- Theatrical release poster
- Directed by: Jonathan English
- Screenplay by: Jonathan English; Erick Kastel; Stephen McDool;
- Story by: Jonathan English
- Produced by: Rick Benattar; Jonathan English; Andrew J. Curtis;
- Starring: James Purefoy; Brian Cox; Derek Jacobi; Kate Mara; Paul Giamatti; Vladimir Kulich;
- Cinematography: David Eggby
- Edited by: Peter Amundson
- Music by: Lorne Balfe
- Production companies: VIP Medienfonds 4; Rising Star; Silver Reel; Premiere Picture; The Wales Creative IP Fund; ContentFilm International; Molinare; Perpetual Media Capital; Mythic International Entertainment;
- Distributed by: Warner Bros.
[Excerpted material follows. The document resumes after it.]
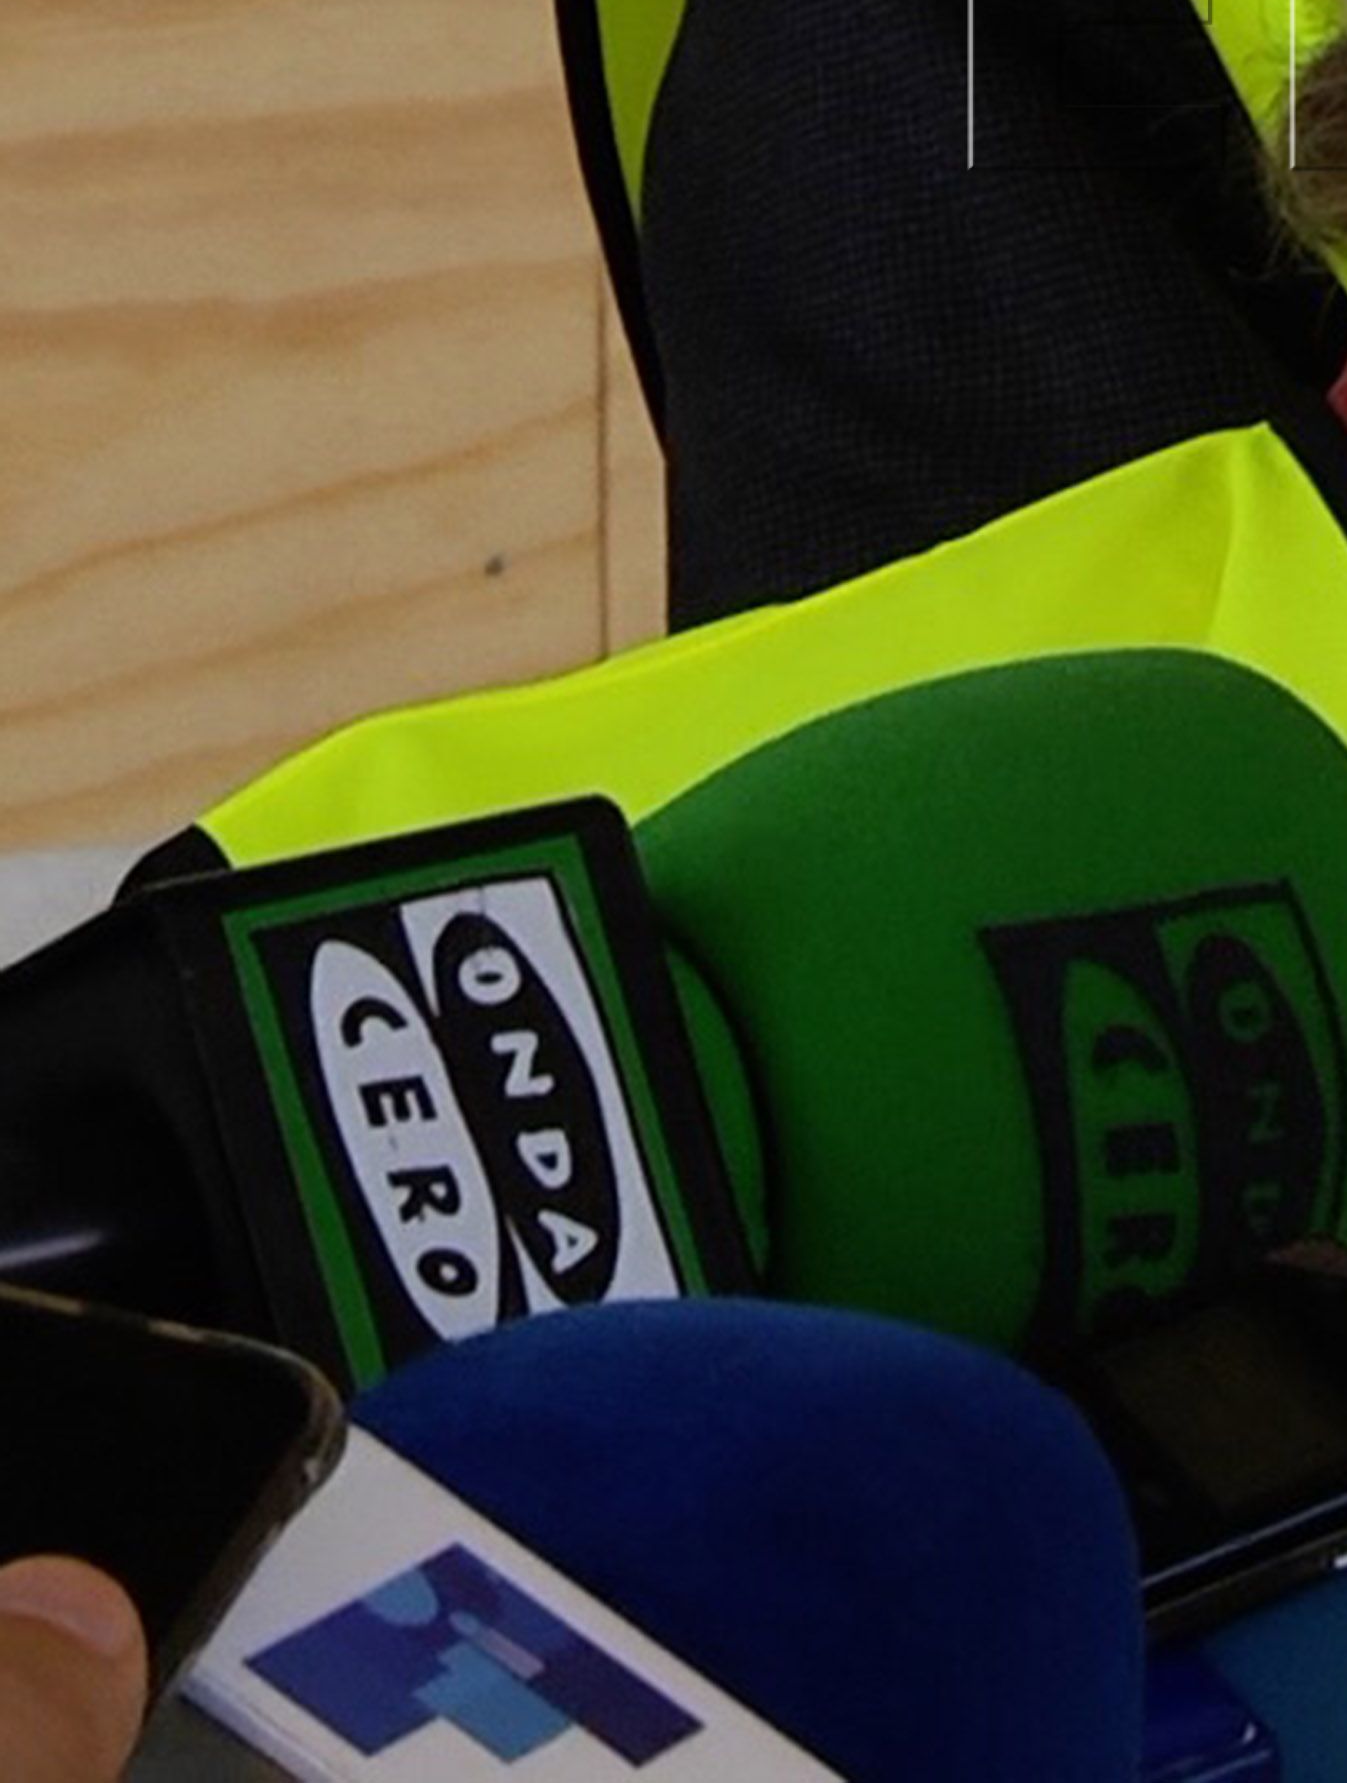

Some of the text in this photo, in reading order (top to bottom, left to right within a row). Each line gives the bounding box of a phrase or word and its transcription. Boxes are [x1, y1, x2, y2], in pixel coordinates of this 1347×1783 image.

Pictures (United Kingdom) ARC Entertainment (United States)
- Release dates: 4 March 2011 (United Kingdom); 26 July 2011 (United States);
- Running time: 105 minutes
- Countries: United Kingdom; United States; Germany;
- Language: English
- Budget: $25 million
- Box office: $5.1 million

= Ironclad (film) =

Ironclad is a 2011 British action historical drama film directed by Jonathan English. Written by English and Erick Kastel, based on a screenplay by Stephen McDool, the cast includes James Purefoy, Brian Cox, Kate Mara, Paul Giamatti, Vladimir Kulich, Mackenzie Crook, Jason Flemyng, Derek Jacobi, and Charles Dance. The film chronicles the siege of Rochester Castle by King John in 1215. The film was shot entirely in Wales in 2009 and produced on a budget of $25 million.

==Plot==

A prologue describes how the barons of England, aided by the Knights Templar, fought against the tyrannical King John in a war that lasted more than three years. The war ended with King John signing Magna Carta, a document granting rights to all English freemen. John regrets signing Magna Carta and in retaliation hires an army of pagan Danish mercenaries under the leadership of warlord Tiberius to restore his absolute authority.
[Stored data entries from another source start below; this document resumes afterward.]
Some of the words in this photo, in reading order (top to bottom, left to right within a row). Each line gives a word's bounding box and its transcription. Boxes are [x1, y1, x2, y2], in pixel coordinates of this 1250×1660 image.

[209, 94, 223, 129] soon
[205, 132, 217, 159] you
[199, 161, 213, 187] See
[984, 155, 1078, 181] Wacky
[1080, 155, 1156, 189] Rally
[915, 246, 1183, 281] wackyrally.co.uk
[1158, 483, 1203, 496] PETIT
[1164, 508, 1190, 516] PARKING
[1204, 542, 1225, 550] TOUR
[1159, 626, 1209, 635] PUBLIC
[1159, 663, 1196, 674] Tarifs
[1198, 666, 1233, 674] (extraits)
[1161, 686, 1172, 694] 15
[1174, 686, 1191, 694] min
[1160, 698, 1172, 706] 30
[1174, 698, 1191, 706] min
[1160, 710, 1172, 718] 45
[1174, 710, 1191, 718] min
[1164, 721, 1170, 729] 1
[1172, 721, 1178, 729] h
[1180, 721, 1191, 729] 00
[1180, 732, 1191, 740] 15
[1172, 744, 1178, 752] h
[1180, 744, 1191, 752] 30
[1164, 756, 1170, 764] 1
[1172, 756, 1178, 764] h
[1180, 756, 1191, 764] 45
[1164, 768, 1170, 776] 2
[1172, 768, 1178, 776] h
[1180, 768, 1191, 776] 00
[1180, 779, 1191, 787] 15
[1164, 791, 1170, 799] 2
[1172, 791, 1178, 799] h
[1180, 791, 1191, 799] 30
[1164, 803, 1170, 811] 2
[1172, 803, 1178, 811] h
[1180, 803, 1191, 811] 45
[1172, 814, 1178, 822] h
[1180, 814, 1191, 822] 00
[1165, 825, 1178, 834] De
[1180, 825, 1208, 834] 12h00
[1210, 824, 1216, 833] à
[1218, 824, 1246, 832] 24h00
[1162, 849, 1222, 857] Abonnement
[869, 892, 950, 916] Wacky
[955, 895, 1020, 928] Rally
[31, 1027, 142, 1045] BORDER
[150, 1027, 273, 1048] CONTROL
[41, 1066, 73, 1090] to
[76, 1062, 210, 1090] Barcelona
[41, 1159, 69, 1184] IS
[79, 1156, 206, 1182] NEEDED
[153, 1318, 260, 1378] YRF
The Abbot Marcus leads three Templar knights on a pilgrimage to Canterbury and they take shelter from the rain at Darnay Castle. One of the knights, Thomas Marshall, is assured by the abbot that Marshall's release from the Templar Order will be sought at Canterbury. By morning, King John arrives at the castle with his army and mercenaries. Baron Darnay signed Magna Carta and in retribution John orders him hanged. The Abbot attempts to intervene and the King orders that the abbot's tongue be cut off. Marshall and the two other knights fight the Danes, during which Marshall escapes the castle on horseback carrying the abbot; the two knights left behind are slain. The abbot dies of his wound, and Marshall breaks his vow of silence to swear that his sacrifice will not be in vain.
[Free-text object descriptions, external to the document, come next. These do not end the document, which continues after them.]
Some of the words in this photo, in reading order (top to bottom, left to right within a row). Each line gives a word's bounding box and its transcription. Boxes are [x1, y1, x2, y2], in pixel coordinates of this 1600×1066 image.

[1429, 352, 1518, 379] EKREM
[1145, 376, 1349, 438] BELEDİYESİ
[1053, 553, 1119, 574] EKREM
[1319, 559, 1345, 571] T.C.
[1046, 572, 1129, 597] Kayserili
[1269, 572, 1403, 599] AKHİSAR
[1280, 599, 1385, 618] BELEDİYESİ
Once he has reached Canterbury, Marshall meets with Archbishop Langton, the author of Magna Carta, and Baron William d'Aubigny, a former soldier turned wool merchant. Langton reveals that the Pope has sided with King John and that he himself is to be excommunicated for writing Magna Carta. The three men agree that John must be stopped and that the place to do so is Rochester Castle, the seat of Baron Cornhill and a stronghold that controls southern England and allows access to London and the rest of the country.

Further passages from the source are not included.